The greatest pyramids were built by the Fourth Dynasty, and
so universal was education at that time among the people that the stones
with which they were built retain to this day the writing of the
workmen. The first king was Menes.
"At the epoch of Menes," says Winchell, "the Egyptians were already a
civilized and numerous people. Manetho tells us that Athotis, the son of
this first king, Menes, built the palace at Memphis; that he was a
physician, and left anatomical books. All these statements imply that
even at this early period the Egyptians were in a high state of
civilization." (Winchell's "Preadamites," p. 120.) "In the time of Menes
the Egyptians had long been architects, sculptors, painters,
mythologists, and theologians." Professor Richard Owen says, "Egypt is
recorded to have been a civilized and governed community before the time
of Menes. The pastoral community of a group of nomad families, as
portrayed in the Pentateuch, may be admitted as an early step in
civilization.
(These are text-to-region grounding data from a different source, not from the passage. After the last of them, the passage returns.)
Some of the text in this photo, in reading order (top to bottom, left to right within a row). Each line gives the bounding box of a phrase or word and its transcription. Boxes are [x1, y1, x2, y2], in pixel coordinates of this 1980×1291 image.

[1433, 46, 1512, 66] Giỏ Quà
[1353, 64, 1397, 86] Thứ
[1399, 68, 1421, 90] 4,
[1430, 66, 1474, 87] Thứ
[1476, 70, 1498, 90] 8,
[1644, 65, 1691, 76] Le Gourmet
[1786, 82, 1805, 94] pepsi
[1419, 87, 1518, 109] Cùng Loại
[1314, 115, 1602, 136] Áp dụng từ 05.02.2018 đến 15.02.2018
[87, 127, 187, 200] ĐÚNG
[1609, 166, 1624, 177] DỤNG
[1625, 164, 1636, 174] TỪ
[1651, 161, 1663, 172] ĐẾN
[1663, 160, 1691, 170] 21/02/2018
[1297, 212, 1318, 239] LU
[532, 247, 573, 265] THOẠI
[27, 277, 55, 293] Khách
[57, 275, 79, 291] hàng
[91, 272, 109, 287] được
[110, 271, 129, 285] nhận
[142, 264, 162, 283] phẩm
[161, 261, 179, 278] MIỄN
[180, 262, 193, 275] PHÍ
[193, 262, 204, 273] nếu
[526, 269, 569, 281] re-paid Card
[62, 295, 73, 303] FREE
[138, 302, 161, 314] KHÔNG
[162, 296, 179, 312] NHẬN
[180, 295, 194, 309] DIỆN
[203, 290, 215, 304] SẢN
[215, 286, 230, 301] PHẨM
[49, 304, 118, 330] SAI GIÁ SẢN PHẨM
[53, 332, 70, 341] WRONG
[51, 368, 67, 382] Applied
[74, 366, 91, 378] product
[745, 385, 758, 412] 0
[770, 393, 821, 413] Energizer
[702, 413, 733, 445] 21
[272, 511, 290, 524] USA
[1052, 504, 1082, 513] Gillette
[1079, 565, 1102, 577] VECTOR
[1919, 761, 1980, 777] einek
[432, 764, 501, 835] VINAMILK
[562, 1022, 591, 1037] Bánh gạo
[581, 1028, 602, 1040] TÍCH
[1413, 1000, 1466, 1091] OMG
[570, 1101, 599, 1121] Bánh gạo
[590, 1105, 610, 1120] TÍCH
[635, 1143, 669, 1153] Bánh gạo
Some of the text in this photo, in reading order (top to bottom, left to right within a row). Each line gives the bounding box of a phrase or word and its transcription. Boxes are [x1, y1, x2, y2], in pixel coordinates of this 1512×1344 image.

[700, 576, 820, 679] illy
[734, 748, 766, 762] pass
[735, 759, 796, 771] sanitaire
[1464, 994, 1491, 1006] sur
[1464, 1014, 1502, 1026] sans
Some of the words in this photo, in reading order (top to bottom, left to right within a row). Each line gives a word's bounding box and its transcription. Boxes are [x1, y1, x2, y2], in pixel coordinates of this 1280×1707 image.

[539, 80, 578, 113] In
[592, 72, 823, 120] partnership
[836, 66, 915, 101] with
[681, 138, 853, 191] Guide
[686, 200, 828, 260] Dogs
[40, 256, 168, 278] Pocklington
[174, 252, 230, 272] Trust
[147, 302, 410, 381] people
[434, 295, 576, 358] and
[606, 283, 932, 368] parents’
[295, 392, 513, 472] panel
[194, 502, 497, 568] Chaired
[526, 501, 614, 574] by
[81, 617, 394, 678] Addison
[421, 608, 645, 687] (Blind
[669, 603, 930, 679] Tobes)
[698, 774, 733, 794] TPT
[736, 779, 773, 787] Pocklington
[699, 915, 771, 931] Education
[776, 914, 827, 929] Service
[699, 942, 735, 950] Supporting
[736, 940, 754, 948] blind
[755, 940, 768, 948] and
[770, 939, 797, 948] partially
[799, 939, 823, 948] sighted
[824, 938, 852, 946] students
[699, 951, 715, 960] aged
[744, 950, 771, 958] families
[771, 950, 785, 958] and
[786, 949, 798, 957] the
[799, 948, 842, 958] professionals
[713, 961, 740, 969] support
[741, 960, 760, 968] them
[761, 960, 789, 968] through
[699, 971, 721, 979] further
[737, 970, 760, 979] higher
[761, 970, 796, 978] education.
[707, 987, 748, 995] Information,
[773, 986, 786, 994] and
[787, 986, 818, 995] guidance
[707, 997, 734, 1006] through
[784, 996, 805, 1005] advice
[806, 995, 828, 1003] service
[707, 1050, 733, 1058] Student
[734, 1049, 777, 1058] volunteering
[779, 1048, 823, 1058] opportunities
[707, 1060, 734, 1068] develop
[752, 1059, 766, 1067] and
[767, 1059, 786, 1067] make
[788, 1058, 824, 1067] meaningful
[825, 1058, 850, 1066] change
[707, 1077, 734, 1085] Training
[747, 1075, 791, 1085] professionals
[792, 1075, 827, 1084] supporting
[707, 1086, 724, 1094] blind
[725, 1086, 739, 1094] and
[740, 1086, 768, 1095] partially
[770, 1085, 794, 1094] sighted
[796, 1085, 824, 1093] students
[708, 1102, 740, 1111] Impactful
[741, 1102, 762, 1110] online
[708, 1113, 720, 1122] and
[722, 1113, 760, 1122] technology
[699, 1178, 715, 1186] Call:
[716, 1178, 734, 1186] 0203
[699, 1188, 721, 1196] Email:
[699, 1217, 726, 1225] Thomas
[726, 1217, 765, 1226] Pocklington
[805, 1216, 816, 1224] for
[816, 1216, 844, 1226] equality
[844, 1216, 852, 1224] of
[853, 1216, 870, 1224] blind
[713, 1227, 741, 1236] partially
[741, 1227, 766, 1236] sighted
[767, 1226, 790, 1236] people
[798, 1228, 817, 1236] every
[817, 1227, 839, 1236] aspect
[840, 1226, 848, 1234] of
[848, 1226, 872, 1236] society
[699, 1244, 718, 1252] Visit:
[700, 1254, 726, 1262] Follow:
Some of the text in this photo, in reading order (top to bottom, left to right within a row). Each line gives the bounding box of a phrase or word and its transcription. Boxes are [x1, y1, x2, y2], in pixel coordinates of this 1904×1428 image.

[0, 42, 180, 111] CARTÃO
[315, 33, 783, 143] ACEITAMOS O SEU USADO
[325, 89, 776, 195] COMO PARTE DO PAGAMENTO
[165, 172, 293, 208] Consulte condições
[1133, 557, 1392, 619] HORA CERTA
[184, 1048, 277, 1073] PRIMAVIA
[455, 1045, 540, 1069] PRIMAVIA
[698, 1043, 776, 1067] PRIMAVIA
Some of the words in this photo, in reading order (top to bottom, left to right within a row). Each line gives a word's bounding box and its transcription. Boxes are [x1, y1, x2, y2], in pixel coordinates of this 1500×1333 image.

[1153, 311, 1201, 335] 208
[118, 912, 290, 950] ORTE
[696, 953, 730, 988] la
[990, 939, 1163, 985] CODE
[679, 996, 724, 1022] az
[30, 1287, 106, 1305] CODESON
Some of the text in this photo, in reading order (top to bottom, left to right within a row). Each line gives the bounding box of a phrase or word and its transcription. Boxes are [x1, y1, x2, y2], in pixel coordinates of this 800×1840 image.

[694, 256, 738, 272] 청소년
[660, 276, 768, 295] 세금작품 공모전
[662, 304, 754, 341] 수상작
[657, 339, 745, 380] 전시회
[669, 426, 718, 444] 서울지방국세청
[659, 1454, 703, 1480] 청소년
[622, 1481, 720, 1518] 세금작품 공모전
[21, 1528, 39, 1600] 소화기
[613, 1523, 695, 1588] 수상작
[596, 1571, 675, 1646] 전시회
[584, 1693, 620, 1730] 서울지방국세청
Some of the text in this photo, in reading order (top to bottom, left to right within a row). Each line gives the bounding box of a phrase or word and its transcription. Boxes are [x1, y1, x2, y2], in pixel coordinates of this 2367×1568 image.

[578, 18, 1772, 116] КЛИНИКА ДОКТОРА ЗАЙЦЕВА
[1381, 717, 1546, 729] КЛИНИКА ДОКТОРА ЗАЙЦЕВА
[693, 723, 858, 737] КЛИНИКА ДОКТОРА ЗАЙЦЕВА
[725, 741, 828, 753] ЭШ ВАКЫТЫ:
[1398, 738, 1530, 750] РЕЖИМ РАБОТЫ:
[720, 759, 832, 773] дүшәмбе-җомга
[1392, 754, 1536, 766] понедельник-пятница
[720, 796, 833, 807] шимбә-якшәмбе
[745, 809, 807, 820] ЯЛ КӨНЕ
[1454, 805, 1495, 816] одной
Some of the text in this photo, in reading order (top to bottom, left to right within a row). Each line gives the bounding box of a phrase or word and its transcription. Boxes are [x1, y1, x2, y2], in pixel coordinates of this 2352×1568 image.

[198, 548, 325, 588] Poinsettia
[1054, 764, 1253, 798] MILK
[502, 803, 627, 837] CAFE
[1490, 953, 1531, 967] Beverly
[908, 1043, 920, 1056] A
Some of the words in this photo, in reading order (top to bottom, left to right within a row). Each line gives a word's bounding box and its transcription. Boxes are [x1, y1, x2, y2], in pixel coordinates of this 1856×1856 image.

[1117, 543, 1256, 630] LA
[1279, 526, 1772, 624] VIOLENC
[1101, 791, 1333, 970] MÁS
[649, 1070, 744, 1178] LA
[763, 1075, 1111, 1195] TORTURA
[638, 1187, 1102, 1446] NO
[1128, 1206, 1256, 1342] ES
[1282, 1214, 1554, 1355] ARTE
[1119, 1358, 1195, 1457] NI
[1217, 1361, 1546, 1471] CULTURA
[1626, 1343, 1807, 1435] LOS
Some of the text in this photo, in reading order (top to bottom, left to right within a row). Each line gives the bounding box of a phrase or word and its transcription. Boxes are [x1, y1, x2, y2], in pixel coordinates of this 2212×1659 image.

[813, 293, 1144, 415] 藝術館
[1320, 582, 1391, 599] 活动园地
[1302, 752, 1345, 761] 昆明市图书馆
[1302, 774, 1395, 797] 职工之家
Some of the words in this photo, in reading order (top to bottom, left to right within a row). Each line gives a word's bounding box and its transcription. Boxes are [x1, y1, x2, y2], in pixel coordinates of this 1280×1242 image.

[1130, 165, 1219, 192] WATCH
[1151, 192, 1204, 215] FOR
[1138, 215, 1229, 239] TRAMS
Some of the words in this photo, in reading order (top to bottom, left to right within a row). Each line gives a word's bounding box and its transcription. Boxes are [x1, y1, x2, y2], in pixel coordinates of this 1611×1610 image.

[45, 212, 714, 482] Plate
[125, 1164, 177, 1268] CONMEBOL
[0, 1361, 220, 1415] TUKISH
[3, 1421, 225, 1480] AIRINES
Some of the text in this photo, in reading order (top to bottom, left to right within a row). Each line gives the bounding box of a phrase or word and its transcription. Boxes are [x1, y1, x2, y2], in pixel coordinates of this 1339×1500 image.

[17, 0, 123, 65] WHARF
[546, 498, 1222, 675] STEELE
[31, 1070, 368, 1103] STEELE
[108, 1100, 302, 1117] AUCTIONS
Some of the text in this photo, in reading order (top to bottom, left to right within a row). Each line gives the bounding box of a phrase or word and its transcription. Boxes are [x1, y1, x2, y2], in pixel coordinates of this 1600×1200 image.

But how far in advance of this stage is a nation
administered by a kingly government, consisting of grades of society,
with divisions of labor, of which one kind, assigned to the priesthood,
was to record or chronicle the names and dynasties of the kings, the
duration and chief events of their reigns!" Ernest Renan points out that
"Egypt at the beginning appears mature, old, and entirely without
mythical and heroic ages, as if the country had never known youth.